Cross the Line (Alex Cross #24)(44)
“No,” Mahoney said. “The bulk crap you can buy at Wal-mart.”
Sampson leaned over to me. “I gotta go. Anniversary dinner with Billie.”
“Congratulations to you and Billie. How many years?”
“The big six, and thanks.” He slipped out.
The big six. Somehow that was funny.
A few moments later, Bree leaned over and said, “I’ve got a pile of work on my desk I need to dig through.”
“I’ll stay here and tell you if there’s anything new,” I said.
There wasn’t anything new, at least not from my perspective. Mahoney wrapped up the rest of the briefing in twenty minutes, and the place emptied out.
“You look like you could use a three-day weekend,” I told Ned.
“Wouldn’t that be something?” Mahoney said.
“Go to your place on the shore; it’ll give you fresh eyes on Tuesday.”

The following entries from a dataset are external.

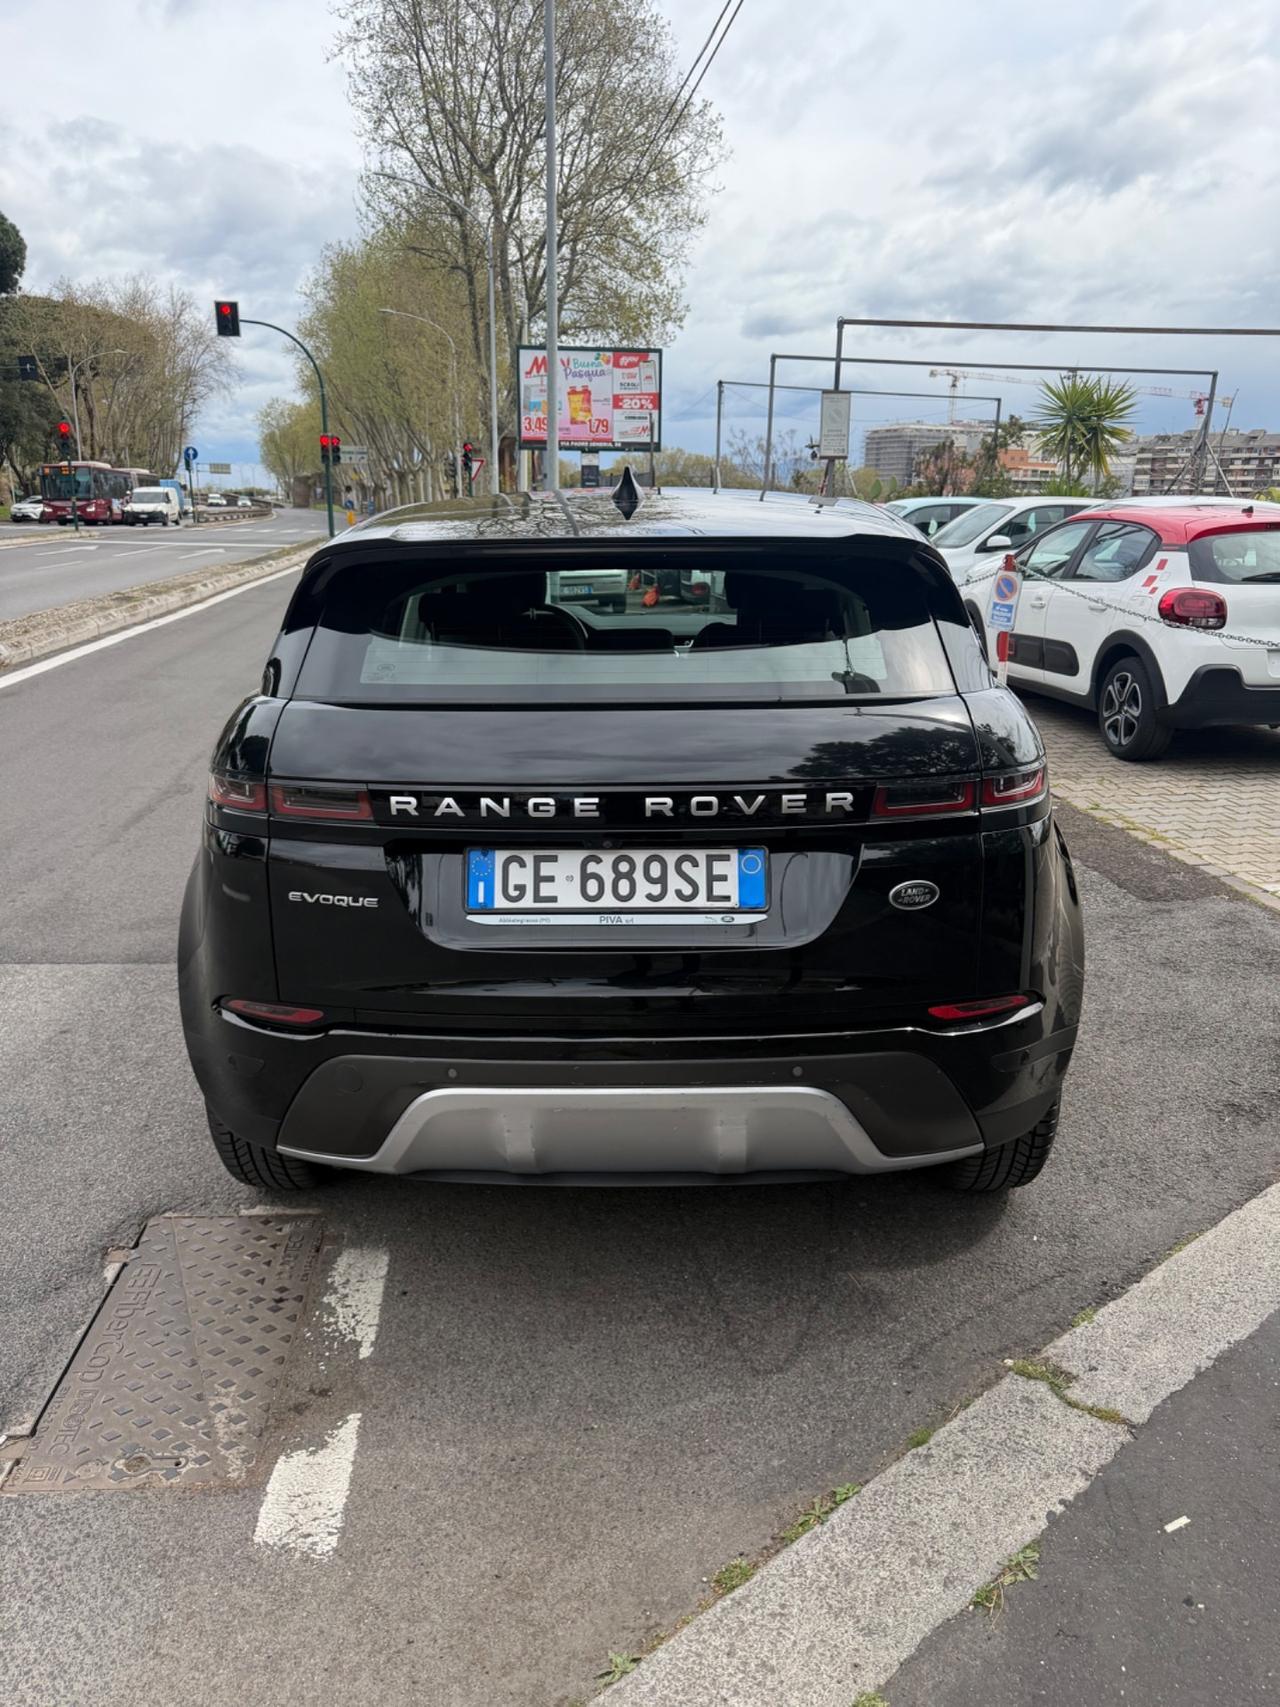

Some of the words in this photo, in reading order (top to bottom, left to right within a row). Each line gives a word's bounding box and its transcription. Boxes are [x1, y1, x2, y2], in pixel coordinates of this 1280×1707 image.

[572, 358, 603, 369] Buona
[563, 367, 607, 382] Pasqua
[618, 399, 653, 410] -20%
[389, 796, 600, 818] RANGE
[645, 792, 854, 818] ROVER
[501, 854, 559, 904] GE
[579, 853, 732, 903] 689SE
[901, 887, 924, 897] LAND
[288, 891, 379, 908] EVOQUE
[902, 894, 931, 904] ROVER
[599, 915, 623, 924] PIVA
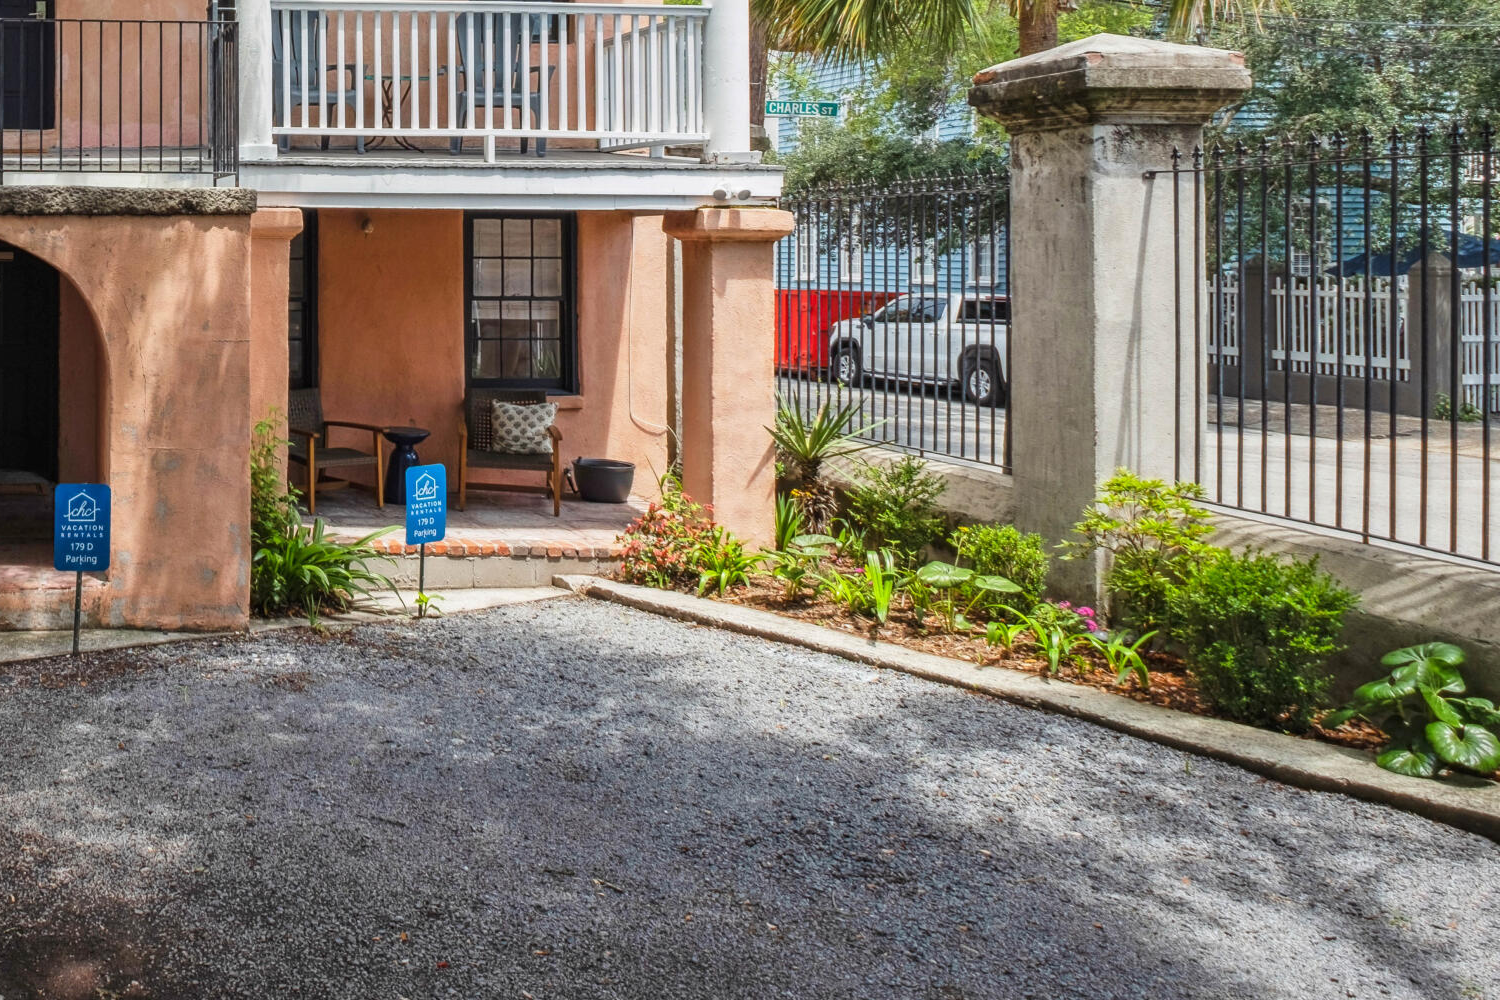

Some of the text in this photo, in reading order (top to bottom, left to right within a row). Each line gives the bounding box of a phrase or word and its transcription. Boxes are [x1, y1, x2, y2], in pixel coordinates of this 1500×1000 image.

[769, 102, 833, 115] CHARLES ST
[411, 500, 442, 509] VACATION
[411, 508, 441, 516] RENTALS
[418, 517, 435, 526] 179 D
[413, 529, 437, 537] Parking
[70, 542, 94, 551] 179 D
[65, 555, 97, 564] Parking

“I don’t think the gods of the Bureau would appreciate me kicking back with a cold one if there’s another attack on the underworld over the weekend.”
“You can always keep your phone on,” I said. “No one says you have to be in your office waiting for a call. There has to be some benefit to these phones beyond Facebook and texting, right?”
Mahoney half bobbed his head, getting a distracted look. “Traffic will be a bitch tonight. Maybe I can sneak away early tomorrow?”
“Now you’re thinking.”
“What about you? And Bree? Why don’t you and the kids come? Supposed to be a beautiful weekend.”
“Nothing would make me happier, but Jannie’s got an invitational thing over at Johns Hopkins, and we were going to see Damon too.”
“There are three days to the holiday. You could always come on Sunday morning, or even on Saturday night.”
“Tempting. Let me run that by the new chief of detectives.”
CHAPTER
51
ORDINARILY, THE TRACK season ends in mid-August, but the U.S.A. Track and Field organization had launched a program to nurture young talent, inviting high school athletes from across the country to a meet on the Johns Hopkins campus in an effort to help coaches identify those with potential.
The fact that Jannie had been invited at the age of fifteen years and eight months was a shock to us. Initially, she hadn’t been among the athletes offered spots at the meet. But Ted McDonald, a well-regarded track coach who works with my daughter, showed videos of her to the right people, and she got in on discretion.
We were on the shady side of the stands an hour before she was set to run. Down on the field, the kids were warming up. Except not many of them looked like kids.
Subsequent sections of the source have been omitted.